CS 257: Software Design

Final Project, Phase 1 of 2

If possible, please work with a partner. Groups of three are also fine. If you would prefer to work alone, that's OK. If you would like help finding a partner, contact me on Slack.

For the final project, you will develop a GUI application using Java and JavaFX. The key areas of attention for this project will be:

Choosing a program

Almost any GUI program can be organized successfully around MVC. However, one of my main goals for this project is to give you a non-trivial experience with MVC. With that in mind (but also remembering the deadline of November 19), I want your program to have a Model that is complex enough to warrant at least two different kinds of View.

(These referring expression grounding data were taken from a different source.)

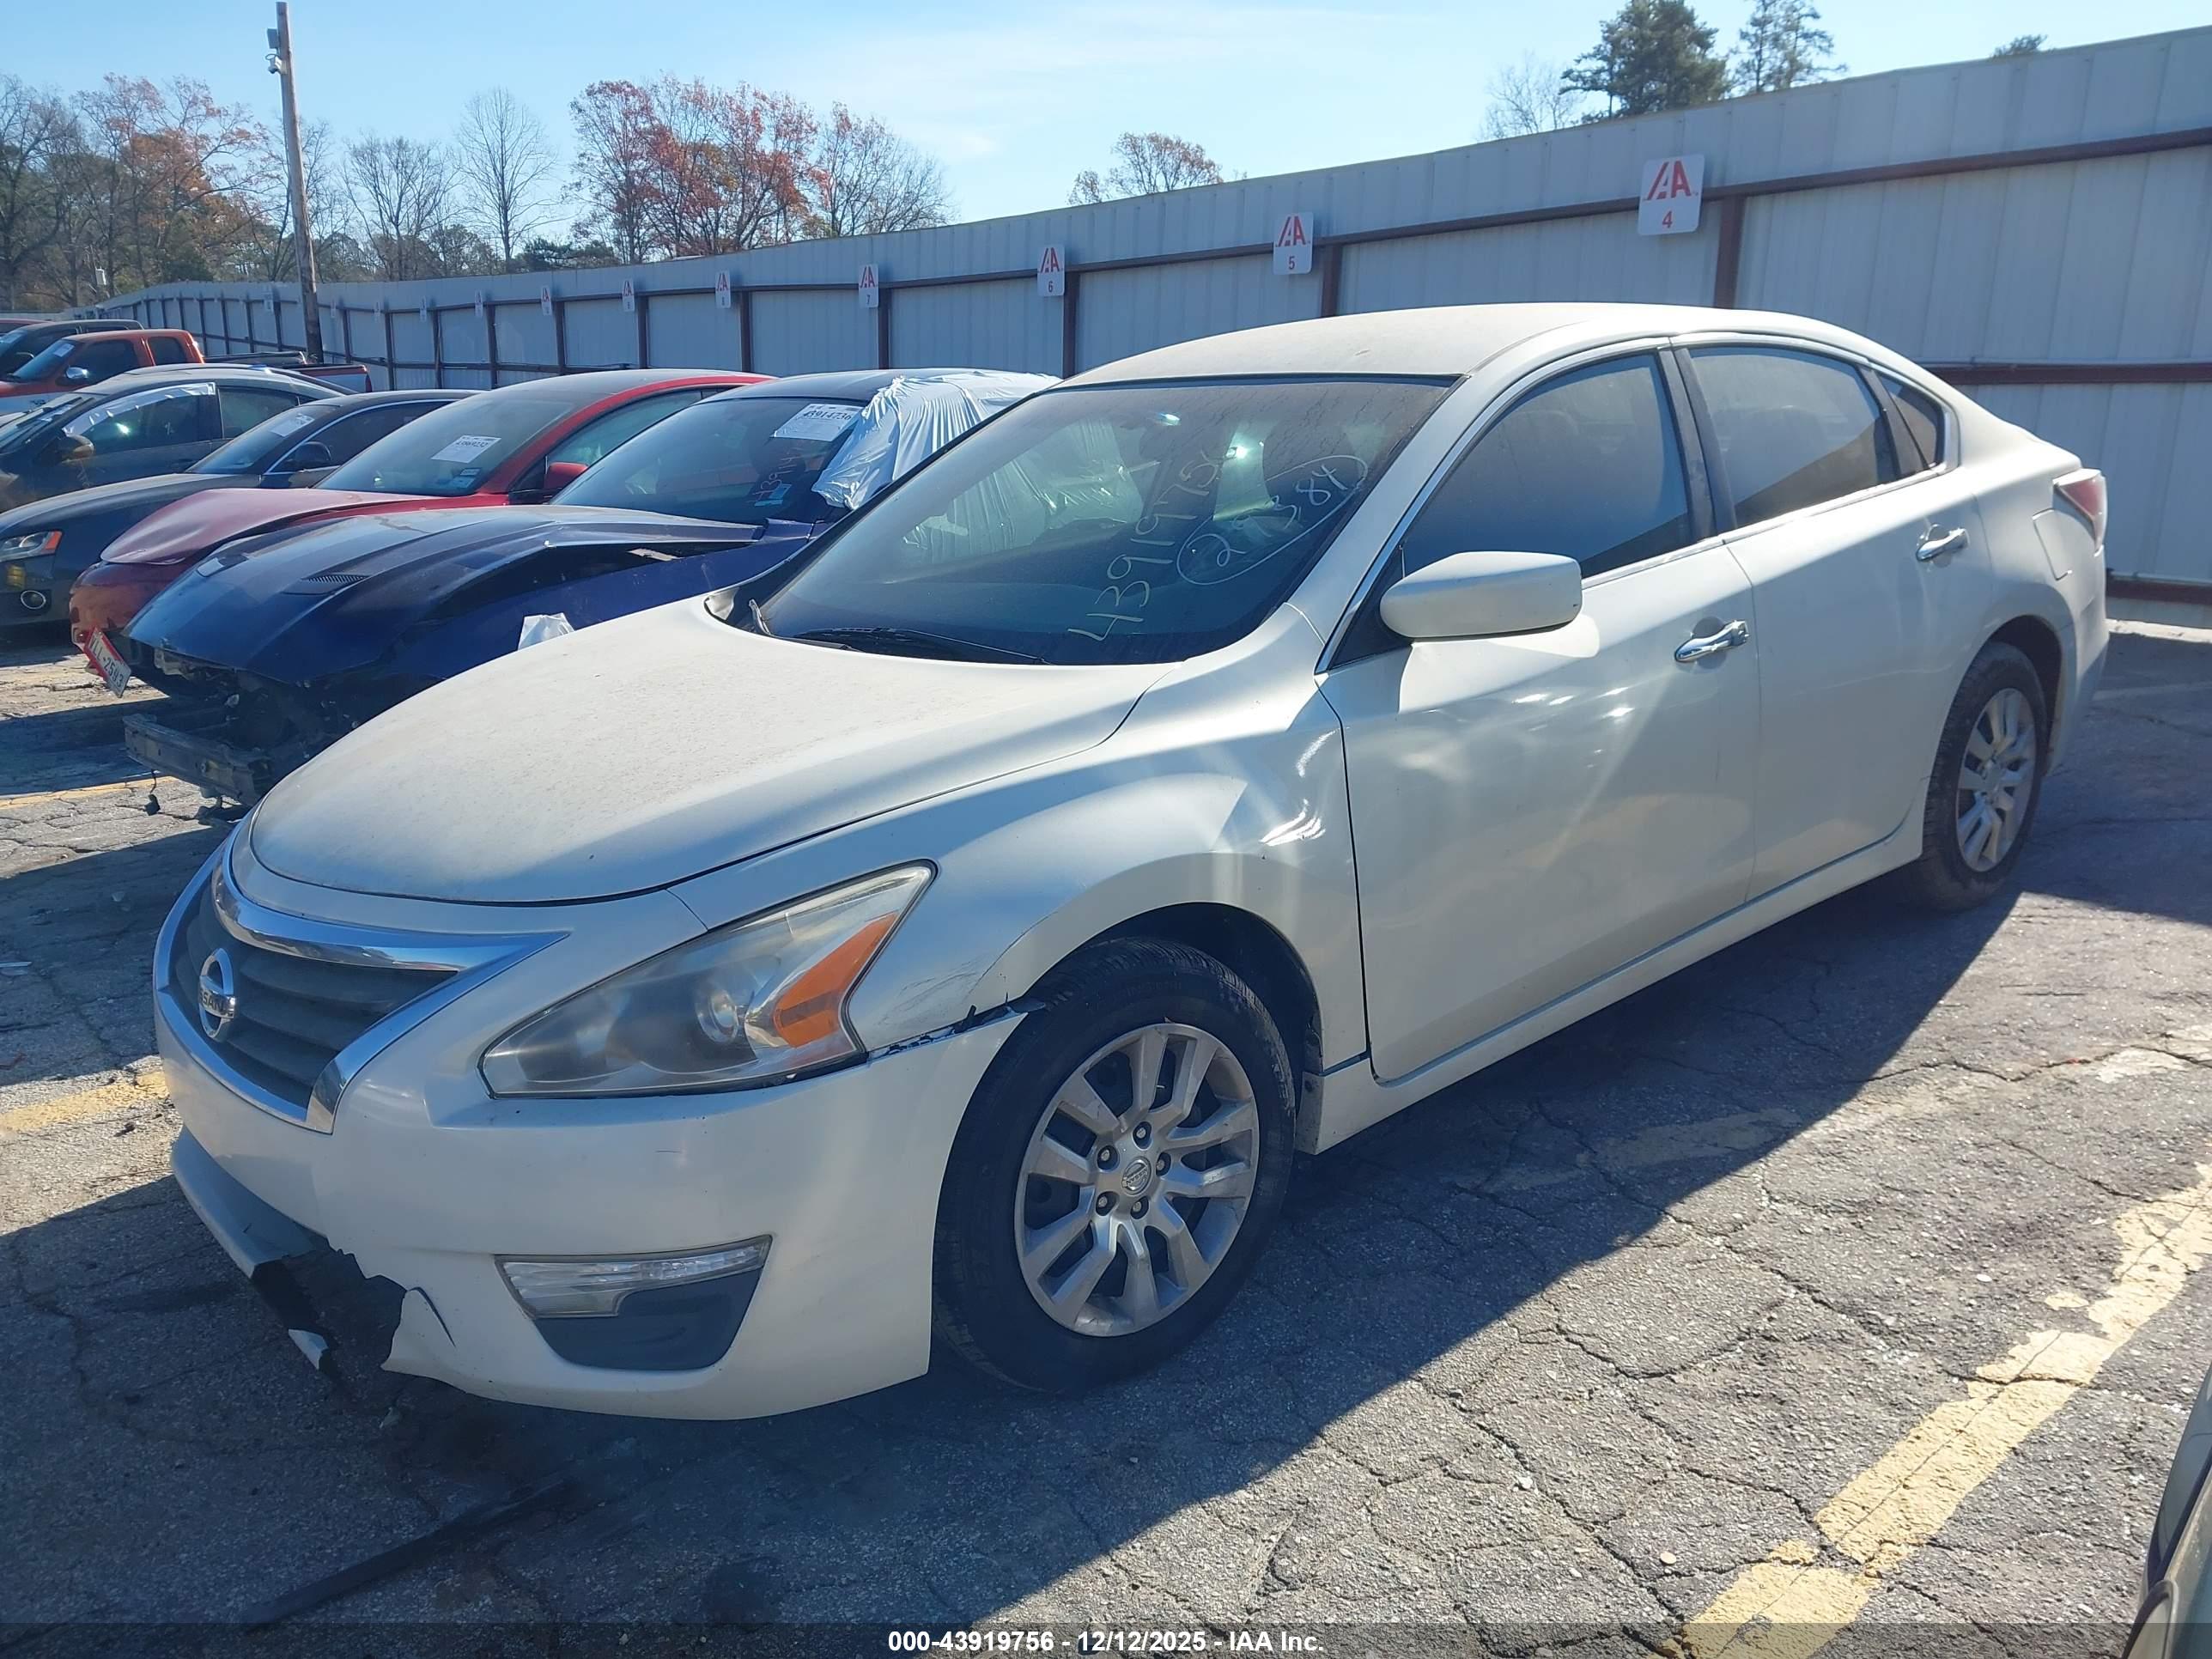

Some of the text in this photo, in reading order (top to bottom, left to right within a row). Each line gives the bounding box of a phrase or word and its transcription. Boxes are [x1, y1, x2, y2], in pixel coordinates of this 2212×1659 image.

[1662, 210, 1673, 229] 4
[1288, 256, 1296, 270] 5
[1048, 280, 1054, 293] 6
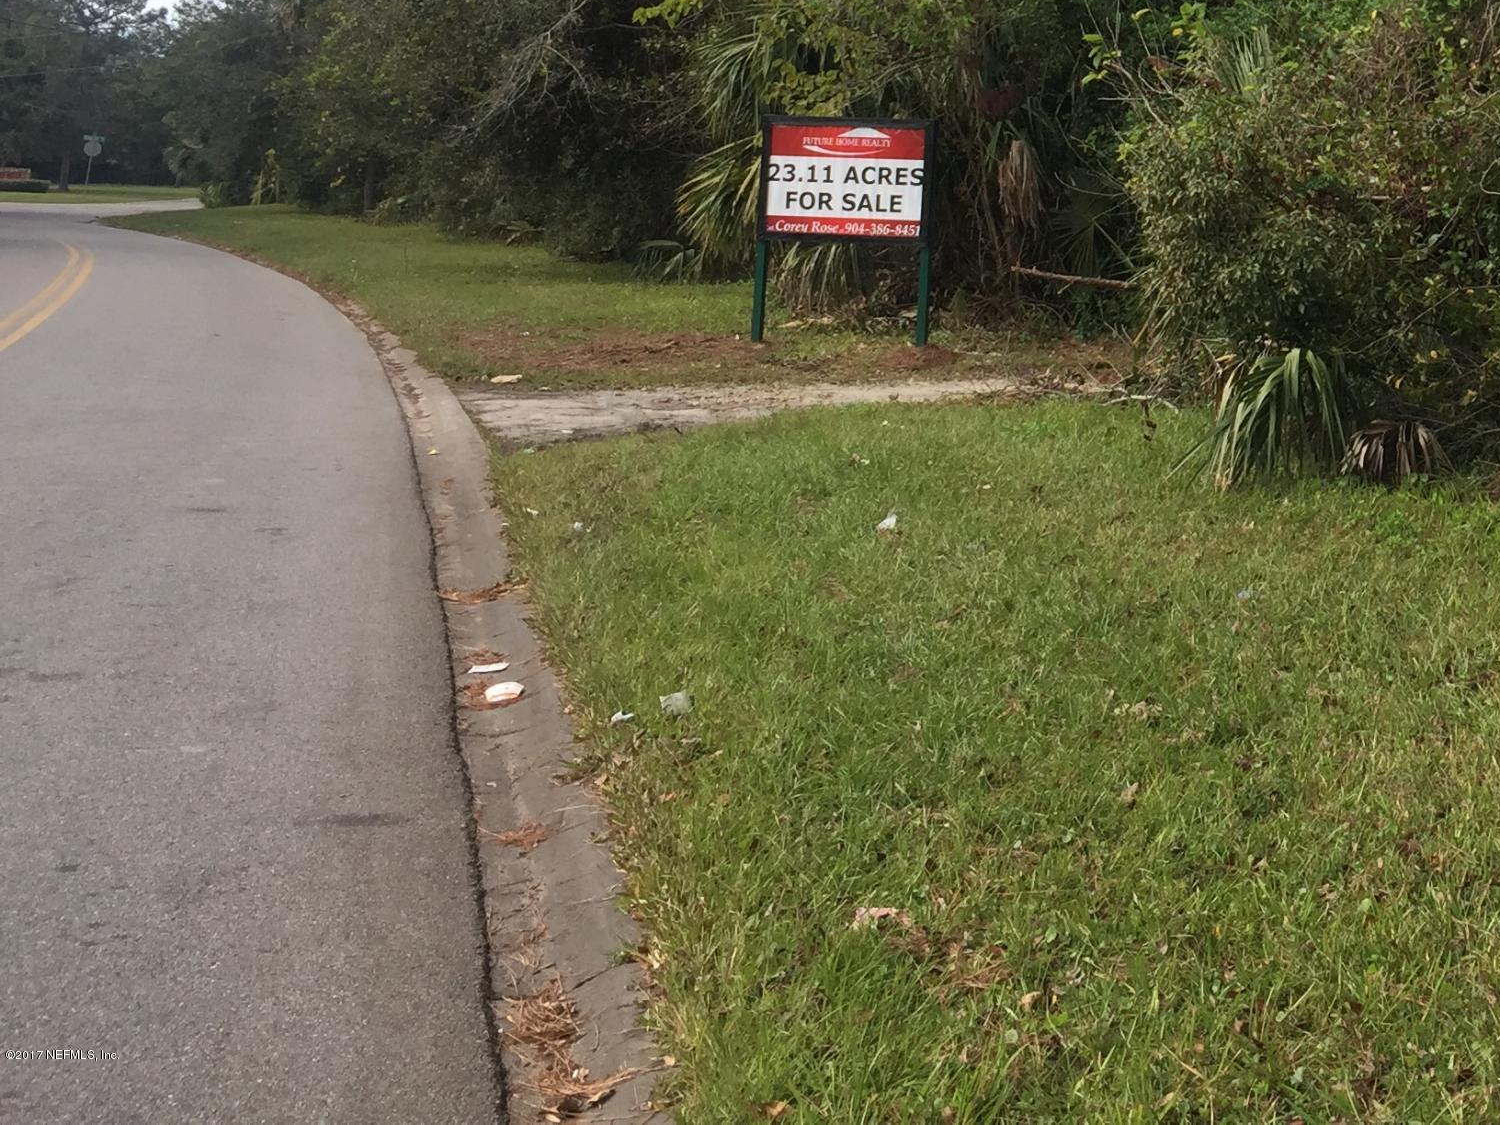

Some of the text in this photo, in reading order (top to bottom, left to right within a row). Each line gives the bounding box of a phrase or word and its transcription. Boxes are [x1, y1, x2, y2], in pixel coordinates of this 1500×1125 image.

[803, 136, 892, 148] FUTURE HOME REALTY
[768, 163, 925, 187] 23.11 ACRES
[785, 191, 903, 213] FOR SALE
[812, 221, 839, 234] Rose

One way to start thinking about your idea's Model is to ask a couple questions: "What are the main things in my program that could be made into Java classes or interfaces, and then aggregated in my Model? Or alternatively, of what information does the current state of my program consist? The following examples illustrate that way of thinking.

Example: Simulations

John Conway's Game of Life describes a simple system of rules modeling birth and death of cells in a 2D grid. Conway's rules generate beautiful and fascinating evolution of populations. The Game of Life was one of the earliest examples in the general category of cellular automata.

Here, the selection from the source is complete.